Use the new coil position and trajectory as the cortical motor hotspot. Attach the coil that will induce the PA current in the brain to the CTMS stimulator. Set the pulse type to monophasic positive, the pulse width to 120 microseconds, and M ratio to 0.2.
Finally, set the stimulus intensity to the one millivolt threshold. After setting the peripheral electrical stimulus intensity, launch the no-task software routine on a personal computer, or PC1. Next, set the interstimulus interval between the peripheral electrical and TMS stimuli to 21 milliseconds.
Position the TMS coil over the first dorsal interosseous, or FDI, motor hotspot and ask the participant to hold a slight contraction of the FDI muscle.

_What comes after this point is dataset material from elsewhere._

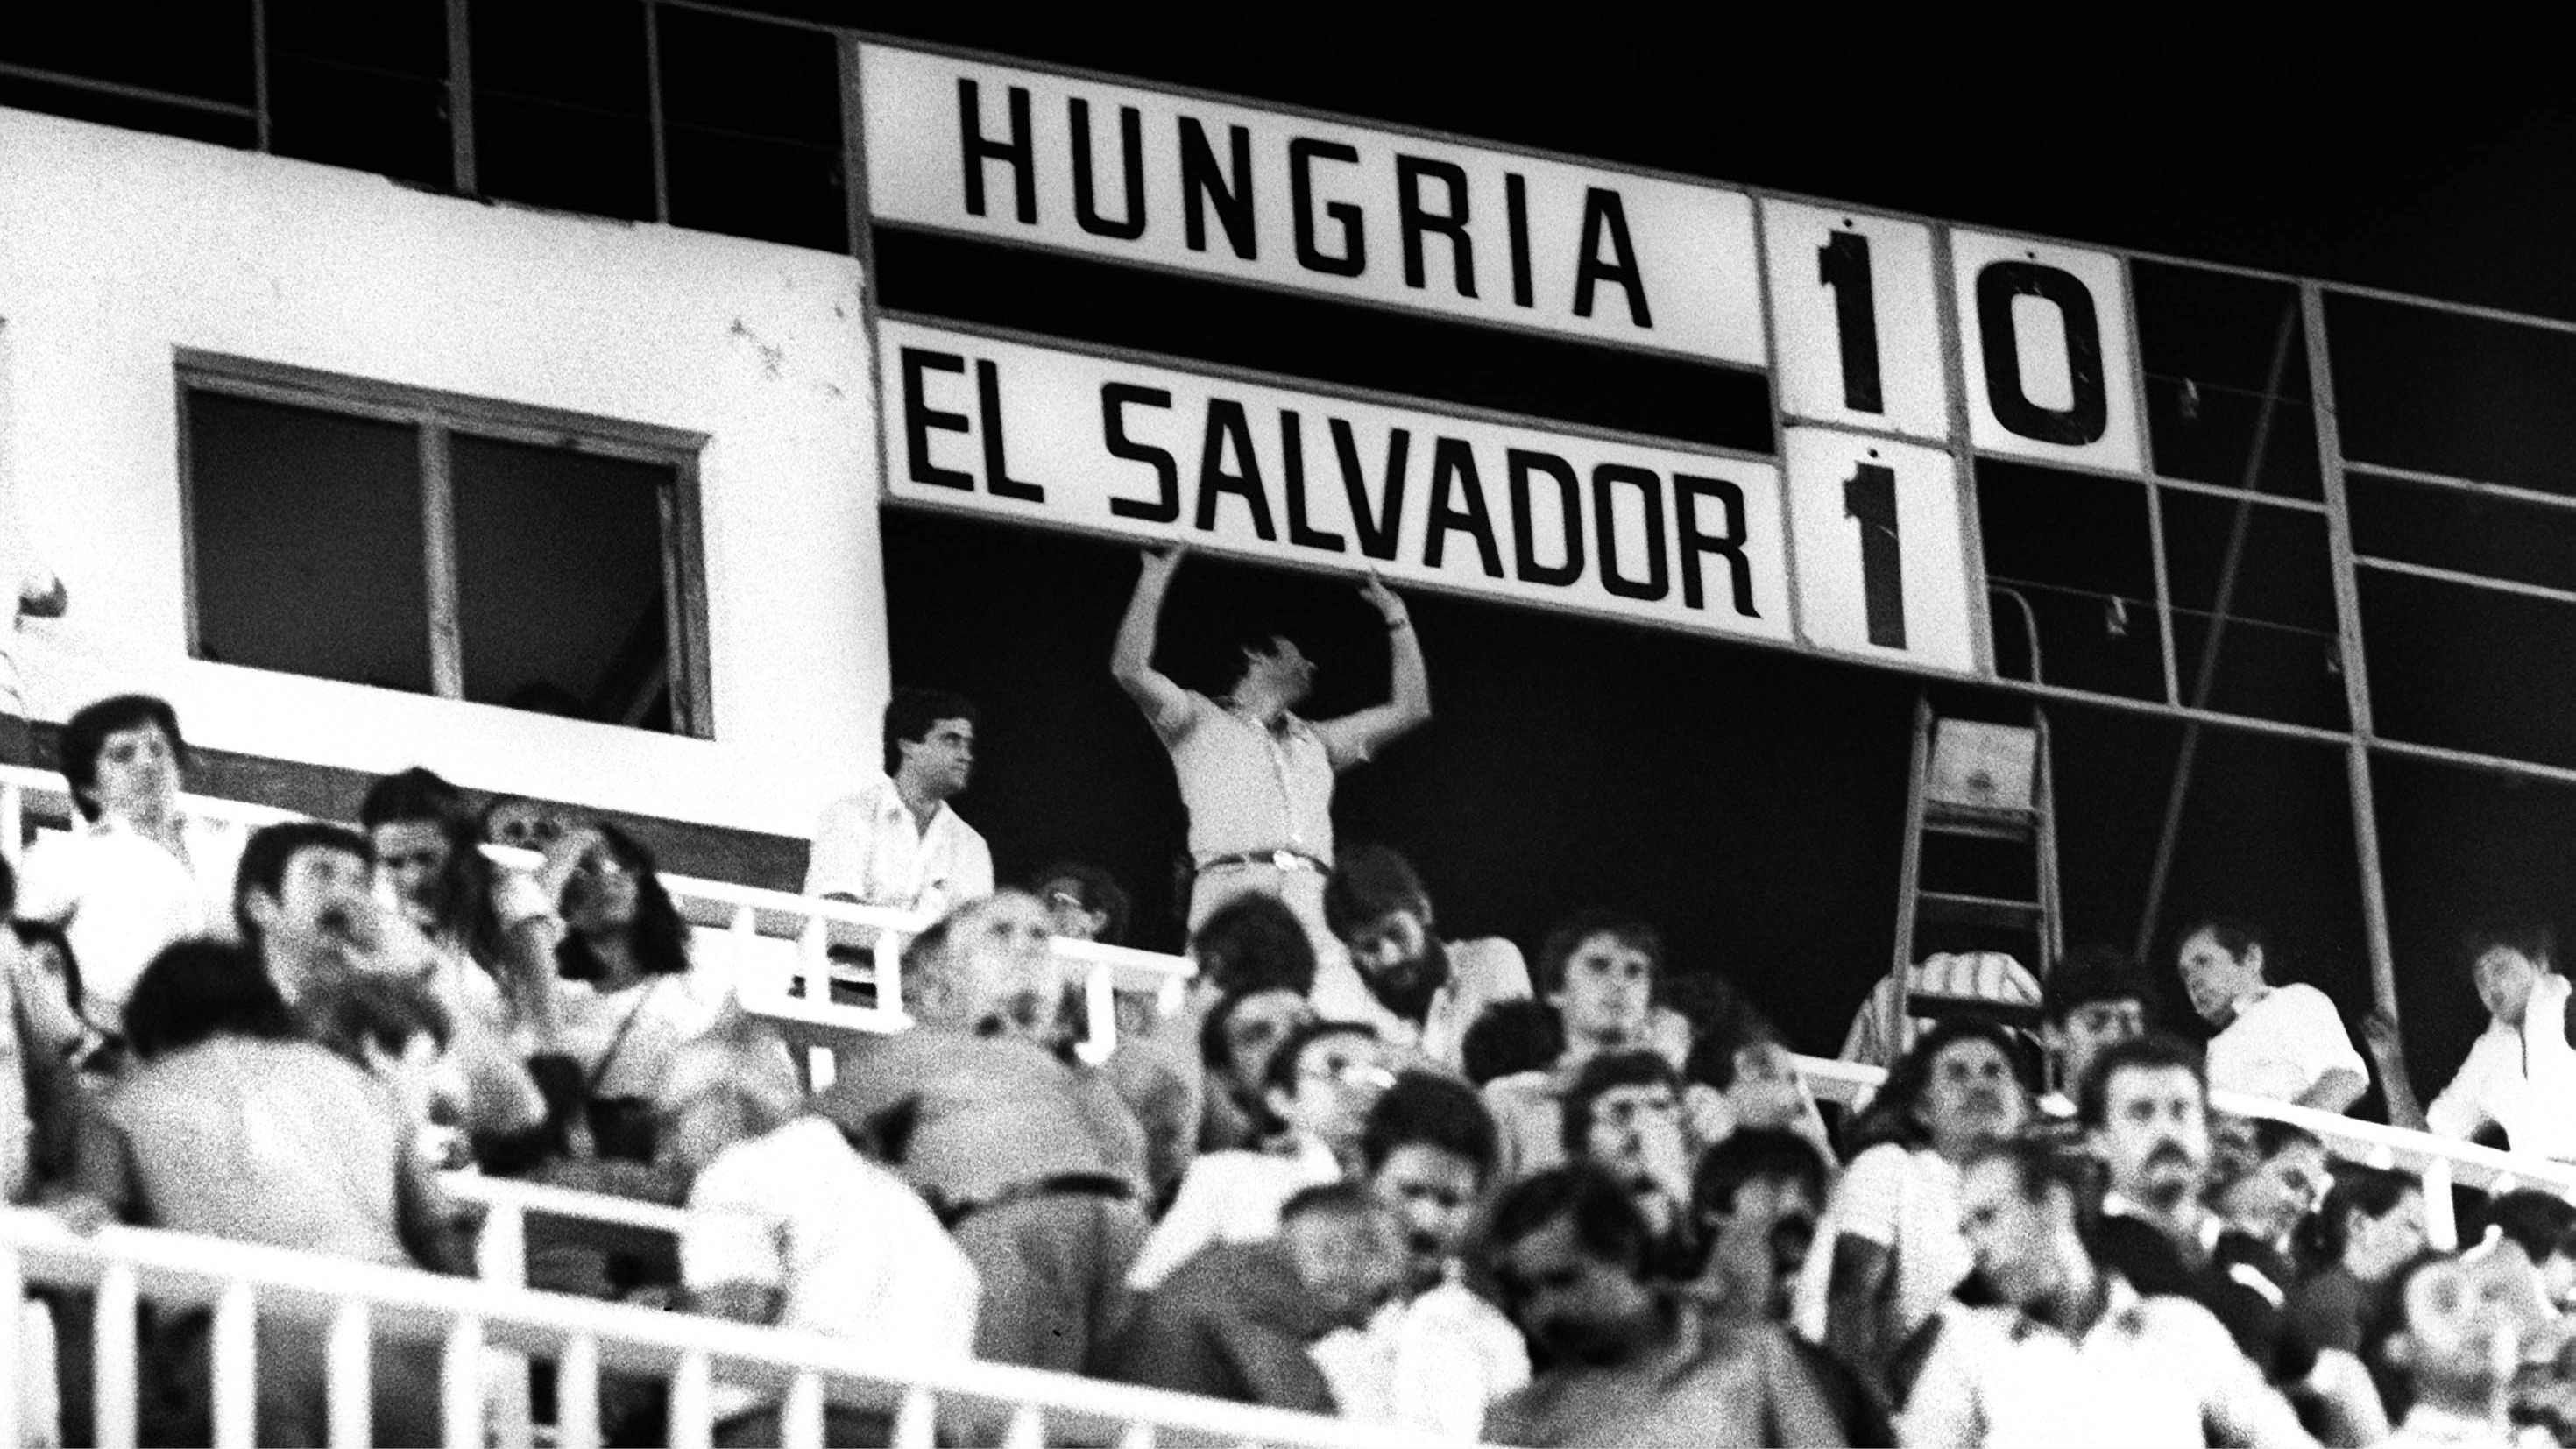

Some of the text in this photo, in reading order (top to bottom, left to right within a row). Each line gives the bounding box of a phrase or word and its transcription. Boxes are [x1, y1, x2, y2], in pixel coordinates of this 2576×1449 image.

[956, 76, 1654, 329] HUNGRIA
[899, 345, 1907, 651] EL SALVADOR 1

Next, run the no task software on PC1 to trigger the peripheral and CTMS stimulators. Repeat the procedure for the AP-30 current configuration using the coil that induces AP current in the brain.
Attach the coil that will induce the PA current in the brain to the CTMS stimulator. Set the pulse type to monophasic positive, the pulse width to 120 microseconds, and M ratio to 0.2. Finally, set the stimulus intensity to the one millivolt threshold.
After setting the peripheral electrical stimulus intensity, launch the sensory motor task software routine on a personal computer, or PC1. Next, set the interstimulus interval between the peripheral electrical and TMS stimuli to 21 milliseconds. Position the TMS coil over the first dorsal interosseous, or FDI, motor hotspot and ask the participant to hold a slight contraction of the FDI muscle.
Keep the desired number of unconditioned and conditioned trials between eight and 24 stimuli per condition. Run the sensory motor task software routine to control the sensory motor task and send the behavior-locked digital triggers to the peripheral and CTMS stimulators. Repeat the procedure for the AP-30 current configuration using the coil that induces AP current in the brain.
The average effect of the peripheral electrical conditioning stimulus is to suppress the corticospinal output elicited by the TMS stimulus as shown by the smaller raw average peak-to-peak MEP amplitudes in the conditioned MEPs compared to the unconditioned MEPs and short-latency afferent inhibition, or SAI, ratios of less than one. The longer MEP onset latency for the AP-30 SAI reflects the longer latency of the input to the corticospinal neuron. In differential effects, the PA-120 SAI was similarly enhanced for an index finger response regardless of whether the participant was queued to the index finger or required to remap their response to the index finger following an invalid queue to a non-index finger.
In contrast, the AP-30 SAI appears to be differentially modulated based on whether the invalid queue required a remap away or toward the index finger.